Charm School is a reality television series airing on VH1; it is a spin-off of Flavor of Love created by executive producers Cris Abrego and Mark Cronin. The first season, called Flavor of Love Girls: Charm School, is hosted by comedian Mo'Nique and features thirteen contestants from the first two seasons of Flavor of Love. The second season, called Rock of Love: Charm School, is hosted by Sharon Osbourne and features fourteen contestants from the first two seasons of Rock of Love with Bret Michaels. The third season, called Charm School with Ricki Lake, is hosted by Ricki Lake and features contestants from Rock of Love Bus with Bret Michaels and Real Chance of Love. The show ostensibly acts as a finishing school for its contestants that helps develop proper etiquette. Season 1 offered a prize of $50,000, while Seasons 2 and 3 doubled the amount to $100,000. All three seasons offered the title of "Charm School Queen."

==Series overview==

Seasons of Charm School
| Season | Headmistress | Season premiere | Finale | Reunion | No. of contestants | No. of episodes | Winner | Runner(s)-up |
|---|---|---|---|---|---|---|---|---|
| Season 1 | Mo'Nique | April 15, 2007 (5.07M viewers) | July 1, 2007 (4.1M viewers) | July 8, 2007 | 13 | 11 | Saaphyri Windsor | Leilene "Smiley" Ondrade |
| Season 2 | Sharon Osbourne | October 12, 2008 (2.4M viewers) | December 21, 2008 (2.1M viewers) | January 4, 2009 | 14 | 12 | Brandi Mahon | Destiney Sue Moore |
| Season 3 | Ricki Lake | May 11, 2009 | July 27, 2009 (2.1M viewers) | None | 14 | 11 | Ebony "Risky" Jones | Ashley and Marcia |

===Flavor of Love Girls: Charm School===
Flavor of Love Girls: Charm School was hosted by comedian Mo'Nique and featured 13 contestants from the first two seasons of Flavor of Love, who were assigned the challenge of developing proper etiquette in a competition for $50,000 and the title of "Charm School Queen." Mo'Nique was assisted by talent agency president Keith Lewis and magazine beauty director Mikki Taylor.
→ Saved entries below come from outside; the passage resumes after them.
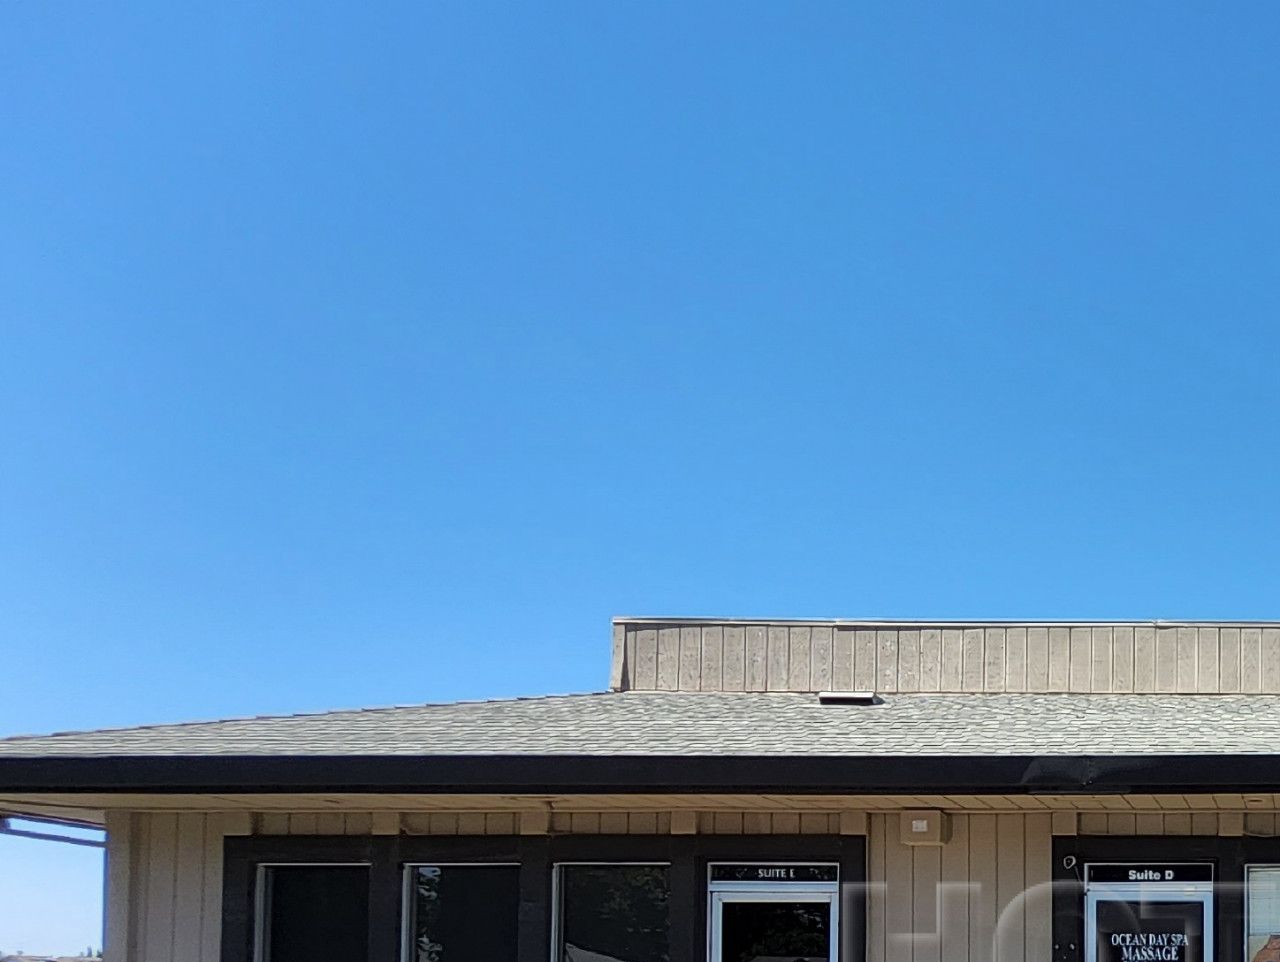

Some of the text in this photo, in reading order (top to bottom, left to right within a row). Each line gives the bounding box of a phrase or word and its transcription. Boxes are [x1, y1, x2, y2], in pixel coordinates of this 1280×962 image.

[758, 869, 787, 878] SUITE
[1128, 869, 1174, 880] Suite D
[1111, 933, 1147, 946] OCEAN
[1170, 933, 1189, 946] SPA
[1121, 946, 1179, 961] MASSAGE
The series first aired weekly from April 15, 2007 to July 8, 2007. Saaphyri was ultimately named "Charm School Queen" and was awarded the $50,000.

===Rock of Love: Charm School===
Rock of Love: Charm School was hosted by Sharon Osbourne and featured 14 contestants from the first two seasons of Rock of Love, who were assigned the challenge of developing proper etiquette in a competition for $100,000 and the title of "Charm School Queen." The series premiered on October 12, 2008, and the finale was aired on December 21, 2008. Brandi Mahon was ultimately named "Charm School Queen" and was awarded the $100,000.

===Charm School with Ricki Lake===
Charm School with Ricki Lake is hosted by Ricki Lake and features 14 contestants from Rock of Love Bus with Bret Michaels and Real Chance of Love, who learn self-improvement through selfless acts and charity work. The headmistress, Ricki Lake, is assisted by deans Alani "La La" Vazquez and Stryker. The series premiered on May 11, 2009, and the finale was aired on July 27, 2009. Ebony "Risky" Jones was ultimately named "Charm School Queen" and was awarded the $100,000.

==DVD releases==
Season 2 (Rock of Love: Charm School) was released in Australia by Shock Records in November 2010.